*** RECORDS PROVIDED

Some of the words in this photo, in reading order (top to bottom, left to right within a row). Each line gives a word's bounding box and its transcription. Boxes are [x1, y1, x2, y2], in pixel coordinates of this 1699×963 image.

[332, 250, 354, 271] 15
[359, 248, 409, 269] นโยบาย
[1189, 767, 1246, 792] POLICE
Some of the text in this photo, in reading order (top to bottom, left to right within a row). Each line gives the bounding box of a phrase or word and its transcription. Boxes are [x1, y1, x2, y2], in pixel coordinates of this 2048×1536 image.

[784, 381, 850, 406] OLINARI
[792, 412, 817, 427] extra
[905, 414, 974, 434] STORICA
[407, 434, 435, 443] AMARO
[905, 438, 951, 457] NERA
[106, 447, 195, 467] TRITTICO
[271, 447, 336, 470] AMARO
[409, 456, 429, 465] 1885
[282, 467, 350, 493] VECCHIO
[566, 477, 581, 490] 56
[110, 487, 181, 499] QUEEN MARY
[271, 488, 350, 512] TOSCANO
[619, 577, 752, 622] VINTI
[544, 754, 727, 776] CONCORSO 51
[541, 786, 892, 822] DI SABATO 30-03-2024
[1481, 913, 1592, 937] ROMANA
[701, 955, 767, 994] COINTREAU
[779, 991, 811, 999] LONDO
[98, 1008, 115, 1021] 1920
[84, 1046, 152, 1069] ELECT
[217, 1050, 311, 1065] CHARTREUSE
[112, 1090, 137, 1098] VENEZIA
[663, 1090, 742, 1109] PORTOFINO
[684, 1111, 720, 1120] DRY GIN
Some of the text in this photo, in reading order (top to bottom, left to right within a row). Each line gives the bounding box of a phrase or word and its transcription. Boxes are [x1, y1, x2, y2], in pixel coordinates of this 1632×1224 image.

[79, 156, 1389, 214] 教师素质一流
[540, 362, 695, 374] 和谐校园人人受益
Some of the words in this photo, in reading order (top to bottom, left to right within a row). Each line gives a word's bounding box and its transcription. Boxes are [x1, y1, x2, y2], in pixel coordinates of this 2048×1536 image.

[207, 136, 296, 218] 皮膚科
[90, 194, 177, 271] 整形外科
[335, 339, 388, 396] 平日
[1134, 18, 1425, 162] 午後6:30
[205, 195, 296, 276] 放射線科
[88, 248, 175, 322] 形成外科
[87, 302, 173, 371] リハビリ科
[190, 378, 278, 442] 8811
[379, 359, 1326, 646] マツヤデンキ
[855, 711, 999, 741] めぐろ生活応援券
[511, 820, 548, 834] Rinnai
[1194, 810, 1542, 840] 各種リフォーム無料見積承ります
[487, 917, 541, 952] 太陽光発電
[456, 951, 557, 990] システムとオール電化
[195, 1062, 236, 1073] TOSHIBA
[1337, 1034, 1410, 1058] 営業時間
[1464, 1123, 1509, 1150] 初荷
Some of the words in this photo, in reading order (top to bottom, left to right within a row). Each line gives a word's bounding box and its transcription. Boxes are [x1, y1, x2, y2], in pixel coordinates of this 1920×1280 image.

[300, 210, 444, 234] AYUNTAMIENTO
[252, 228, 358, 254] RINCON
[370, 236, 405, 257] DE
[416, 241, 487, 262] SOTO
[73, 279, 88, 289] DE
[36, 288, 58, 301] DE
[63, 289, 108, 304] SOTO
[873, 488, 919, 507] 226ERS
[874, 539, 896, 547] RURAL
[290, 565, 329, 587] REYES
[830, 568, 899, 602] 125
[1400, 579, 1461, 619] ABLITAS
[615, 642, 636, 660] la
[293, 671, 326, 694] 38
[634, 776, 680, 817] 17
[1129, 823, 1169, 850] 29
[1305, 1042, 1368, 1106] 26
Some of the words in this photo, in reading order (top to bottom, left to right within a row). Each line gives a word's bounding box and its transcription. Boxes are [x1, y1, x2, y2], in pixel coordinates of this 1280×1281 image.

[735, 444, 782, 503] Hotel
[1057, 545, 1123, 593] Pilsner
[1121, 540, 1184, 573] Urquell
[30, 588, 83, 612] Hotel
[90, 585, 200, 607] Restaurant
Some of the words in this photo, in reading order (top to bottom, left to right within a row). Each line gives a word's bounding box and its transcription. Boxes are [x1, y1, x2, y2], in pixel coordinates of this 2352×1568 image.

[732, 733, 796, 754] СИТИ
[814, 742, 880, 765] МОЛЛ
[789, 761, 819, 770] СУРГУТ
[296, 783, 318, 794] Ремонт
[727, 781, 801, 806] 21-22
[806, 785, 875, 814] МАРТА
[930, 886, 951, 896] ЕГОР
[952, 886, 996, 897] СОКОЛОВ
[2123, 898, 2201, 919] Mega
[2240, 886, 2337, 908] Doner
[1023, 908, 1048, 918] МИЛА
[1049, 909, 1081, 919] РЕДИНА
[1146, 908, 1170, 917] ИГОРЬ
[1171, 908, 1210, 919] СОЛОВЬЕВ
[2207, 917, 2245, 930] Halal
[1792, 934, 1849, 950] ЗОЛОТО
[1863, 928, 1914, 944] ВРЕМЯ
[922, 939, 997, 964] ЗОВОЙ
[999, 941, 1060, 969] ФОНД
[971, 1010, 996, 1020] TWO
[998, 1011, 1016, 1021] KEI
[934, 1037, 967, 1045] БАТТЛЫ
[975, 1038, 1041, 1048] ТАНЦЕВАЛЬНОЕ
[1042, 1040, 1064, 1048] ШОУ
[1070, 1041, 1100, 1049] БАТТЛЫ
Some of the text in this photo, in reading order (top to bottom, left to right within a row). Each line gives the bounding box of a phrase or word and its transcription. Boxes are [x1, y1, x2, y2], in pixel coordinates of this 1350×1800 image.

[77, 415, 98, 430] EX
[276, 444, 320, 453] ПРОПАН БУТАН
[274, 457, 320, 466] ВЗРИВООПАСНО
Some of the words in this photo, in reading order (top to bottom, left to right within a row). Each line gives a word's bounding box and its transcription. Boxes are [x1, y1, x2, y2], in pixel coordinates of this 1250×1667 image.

******

PROBLEM STATEMENT:
All entries shown above should be duplicated without a single difference.

RESPONSE TO THE TASK:
Some of the words in this photo, in reading order (top to bottom, left to right within a row). Each line gives a word's bounding box and its transcription. Boxes are [x1, y1, x2, y2], in pixel coordinates of this 1699×963 image.

[332, 250, 354, 271] 15
[359, 248, 409, 269] นโยบาย
[1189, 767, 1246, 792] POLICE
Some of the text in this photo, in reading order (top to bottom, left to right within a row). Each line gives the bounding box of a phrase or word and its transcription. Boxes are [x1, y1, x2, y2], in pixel coordinates of this 2048×1536 image.

[784, 381, 850, 406] OLINARI
[792, 412, 817, 427] extra
[905, 414, 974, 434] STORICA
[407, 434, 435, 443] AMARO
[905, 438, 951, 457] NERA
[106, 447, 195, 467] TRITTICO
[271, 447, 336, 470] AMARO
[409, 456, 429, 465] 1885
[282, 467, 350, 493] VECCHIO
[566, 477, 581, 490] 56
[110, 487, 181, 499] QUEEN MARY
[271, 488, 350, 512] TOSCANO
[619, 577, 752, 622] VINTI
[544, 754, 727, 776] CONCORSO 51
[541, 786, 892, 822] DI SABATO 30-03-2024
[1481, 913, 1592, 937] ROMANA
[701, 955, 767, 994] COINTREAU
[779, 991, 811, 999] LONDO
[98, 1008, 115, 1021] 1920
[84, 1046, 152, 1069] ELECT
[217, 1050, 311, 1065] CHARTREUSE
[112, 1090, 137, 1098] VENEZIA
[663, 1090, 742, 1109] PORTOFINO
[684, 1111, 720, 1120] DRY GIN
Some of the text in this photo, in reading order (top to bottom, left to right within a row). Each line gives the bounding box of a phrase or word and its transcription. Boxes are [x1, y1, x2, y2], in pixel coordinates of this 1632×1224 image.

[79, 156, 1389, 214] 教师素质一流
[540, 362, 695, 374] 和谐校园人人受益
Some of the words in this photo, in reading order (top to bottom, left to right within a row). Each line gives a word's bounding box and its transcription. Boxes are [x1, y1, x2, y2], in pixel coordinates of this 2048×1536 image.

[207, 136, 296, 218] 皮膚科
[90, 194, 177, 271] 整形外科
[335, 339, 388, 396] 平日
[1134, 18, 1425, 162] 午後6:30
[205, 195, 296, 276] 放射線科
[88, 248, 175, 322] 形成外科
[87, 302, 173, 371] リハビリ科
[190, 378, 278, 442] 8811
[379, 359, 1326, 646] マツヤデンキ
[855, 711, 999, 741] めぐろ生活応援券
[511, 820, 548, 834] Rinnai
[1194, 810, 1542, 840] 各種リフォーム無料見積承ります
[487, 917, 541, 952] 太陽光発電
[456, 951, 557, 990] システムとオール電化
[195, 1062, 236, 1073] TOSHIBA
[1337, 1034, 1410, 1058] 営業時間
[1464, 1123, 1509, 1150] 初荷
Some of the words in this photo, in reading order (top to bottom, left to right within a row). Each line gives a word's bounding box and its transcription. Boxes are [x1, y1, x2, y2], in pixel coordinates of this 1920×1280 image.

[300, 210, 444, 234] AYUNTAMIENTO
[252, 228, 358, 254] RINCON
[370, 236, 405, 257] DE
[416, 241, 487, 262] SOTO
[73, 279, 88, 289] DE
[36, 288, 58, 301] DE
[63, 289, 108, 304] SOTO
[873, 488, 919, 507] 226ERS
[874, 539, 896, 547] RURAL
[290, 565, 329, 587] REYES
[830, 568, 899, 602] 125
[1400, 579, 1461, 619] ABLITAS
[615, 642, 636, 660] la
[293, 671, 326, 694] 38
[634, 776, 680, 817] 17
[1129, 823, 1169, 850] 29
[1305, 1042, 1368, 1106] 26
Some of the words in this photo, in reading order (top to bottom, left to right within a row). Each line gives a word's bounding box and its transcription. Boxes are [x1, y1, x2, y2], in pixel coordinates of this 1280×1281 image.

[735, 444, 782, 503] Hotel
[1057, 545, 1123, 593] Pilsner
[1121, 540, 1184, 573] Urquell
[30, 588, 83, 612] Hotel
[90, 585, 200, 607] Restaurant
Some of the words in this photo, in reading order (top to bottom, left to right within a row). Each line gives a word's bounding box and its transcription. Boxes are [x1, y1, x2, y2], in pixel coordinates of this 2352×1568 image.

[732, 733, 796, 754] СИТИ
[814, 742, 880, 765] МОЛЛ
[789, 761, 819, 770] СУРГУТ
[296, 783, 318, 794] Ремонт
[727, 781, 801, 806] 21-22
[806, 785, 875, 814] МАРТА
[930, 886, 951, 896] ЕГОР
[952, 886, 996, 897] СОКОЛОВ
[2123, 898, 2201, 919] Mega
[2240, 886, 2337, 908] Doner
[1023, 908, 1048, 918] МИЛА
[1049, 909, 1081, 919] РЕДИНА
[1146, 908, 1170, 917] ИГОРЬ
[1171, 908, 1210, 919] СОЛОВЬЕВ
[2207, 917, 2245, 930] Halal
[1792, 934, 1849, 950] ЗОЛОТО
[1863, 928, 1914, 944] ВРЕМЯ
[922, 939, 997, 964] ЗОВОЙ
[999, 941, 1060, 969] ФОНД
[971, 1010, 996, 1020] TWO
[998, 1011, 1016, 1021] KEI
[934, 1037, 967, 1045] БАТТЛЫ
[975, 1038, 1041, 1048] ТАНЦЕВАЛЬНОЕ
[1042, 1040, 1064, 1048] ШОУ
[1070, 1041, 1100, 1049] БАТТЛЫ
Some of the text in this photo, in reading order (top to bottom, left to right within a row). Each line gives the bounding box of a phrase or word and its transcription. Boxes are [x1, y1, x2, y2], in pixel coordinates of this 1350×1800 image.

[77, 415, 98, 430] EX
[276, 444, 320, 453] ПРОПАН БУТАН
[274, 457, 320, 466] ВЗРИВООПАСНО
Some of the words in this photo, in reading order (top to bottom, left to right within a row). Each line gives a word's bounding box and its transcription. Boxes are [x1, y1, x2, y2], in pixel coordinates of this 1250×1667 image.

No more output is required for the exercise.